> _Task details_: Please copy all of the records exactly, leaving nothing out.

> _Source data_:
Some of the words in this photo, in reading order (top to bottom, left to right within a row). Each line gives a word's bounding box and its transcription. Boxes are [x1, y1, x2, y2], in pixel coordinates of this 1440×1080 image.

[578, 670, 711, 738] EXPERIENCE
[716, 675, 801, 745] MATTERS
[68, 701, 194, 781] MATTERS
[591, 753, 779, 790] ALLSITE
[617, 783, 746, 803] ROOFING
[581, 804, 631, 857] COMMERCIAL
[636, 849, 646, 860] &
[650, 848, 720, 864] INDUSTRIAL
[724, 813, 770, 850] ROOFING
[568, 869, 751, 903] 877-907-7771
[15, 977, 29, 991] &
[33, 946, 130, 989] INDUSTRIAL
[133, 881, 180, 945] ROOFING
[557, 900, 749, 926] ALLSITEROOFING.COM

> _Your solution_:
Some of the words in this photo, in reading order (top to bottom, left to right within a row). Each line gives a word's bounding box and its transcription. Boxes are [x1, y1, x2, y2], in pixel coordinates of this 1440×1080 image.

[578, 670, 711, 738] EXPERIENCE
[716, 675, 801, 745] MATTERS
[68, 701, 194, 781] MATTERS
[591, 753, 779, 790] ALLSITE
[617, 783, 746, 803] ROOFING
[581, 804, 631, 857] COMMERCIAL
[636, 849, 646, 860] &
[650, 848, 720, 864] INDUSTRIAL
[724, 813, 770, 850] ROOFING
[568, 869, 751, 903] 877-907-7771
[15, 977, 29, 991] &
[33, 946, 130, 989] INDUSTRIAL
[133, 881, 180, 945] ROOFING
[557, 900, 749, 926] ALLSITEROOFING.COM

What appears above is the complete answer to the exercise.